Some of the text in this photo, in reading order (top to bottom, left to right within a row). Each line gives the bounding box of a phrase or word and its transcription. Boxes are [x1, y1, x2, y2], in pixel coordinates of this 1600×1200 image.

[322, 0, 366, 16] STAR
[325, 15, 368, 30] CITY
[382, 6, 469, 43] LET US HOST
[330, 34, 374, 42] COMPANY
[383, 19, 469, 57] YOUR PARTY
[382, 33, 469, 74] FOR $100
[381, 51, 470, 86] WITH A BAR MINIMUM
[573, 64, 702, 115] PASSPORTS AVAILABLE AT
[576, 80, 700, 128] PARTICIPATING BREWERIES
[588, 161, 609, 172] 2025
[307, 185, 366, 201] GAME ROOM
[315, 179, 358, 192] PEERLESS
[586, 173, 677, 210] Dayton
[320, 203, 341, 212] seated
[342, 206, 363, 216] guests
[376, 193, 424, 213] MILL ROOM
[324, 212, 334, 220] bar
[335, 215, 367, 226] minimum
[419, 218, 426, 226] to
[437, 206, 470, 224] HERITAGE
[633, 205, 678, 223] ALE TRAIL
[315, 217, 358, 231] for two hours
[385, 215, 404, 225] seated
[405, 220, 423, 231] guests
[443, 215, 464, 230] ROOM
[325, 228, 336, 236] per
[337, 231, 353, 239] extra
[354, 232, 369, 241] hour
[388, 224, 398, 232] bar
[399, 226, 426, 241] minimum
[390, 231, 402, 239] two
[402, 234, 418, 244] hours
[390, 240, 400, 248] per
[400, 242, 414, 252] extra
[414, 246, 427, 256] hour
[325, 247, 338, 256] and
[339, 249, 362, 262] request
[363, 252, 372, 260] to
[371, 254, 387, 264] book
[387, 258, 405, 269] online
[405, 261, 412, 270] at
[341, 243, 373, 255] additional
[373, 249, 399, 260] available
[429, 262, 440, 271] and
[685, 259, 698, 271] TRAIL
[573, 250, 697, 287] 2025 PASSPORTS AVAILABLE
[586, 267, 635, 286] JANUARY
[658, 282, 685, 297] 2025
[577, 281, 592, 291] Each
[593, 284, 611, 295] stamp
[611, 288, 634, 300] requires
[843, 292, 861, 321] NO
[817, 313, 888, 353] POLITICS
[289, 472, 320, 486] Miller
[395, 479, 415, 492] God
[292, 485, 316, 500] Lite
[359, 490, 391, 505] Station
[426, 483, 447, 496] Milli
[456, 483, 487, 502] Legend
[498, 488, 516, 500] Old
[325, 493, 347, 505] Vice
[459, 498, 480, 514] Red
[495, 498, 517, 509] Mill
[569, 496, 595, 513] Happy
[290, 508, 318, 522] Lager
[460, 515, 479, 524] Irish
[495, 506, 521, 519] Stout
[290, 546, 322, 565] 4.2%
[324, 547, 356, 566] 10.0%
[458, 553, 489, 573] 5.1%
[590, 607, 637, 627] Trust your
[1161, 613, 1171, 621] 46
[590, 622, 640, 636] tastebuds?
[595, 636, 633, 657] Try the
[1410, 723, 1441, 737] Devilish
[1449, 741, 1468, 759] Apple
------
PROBLEM TO SOLVE —
Give the number of lines in the listing that hold "seated", with no other words.

WRITTEN REPLY —
2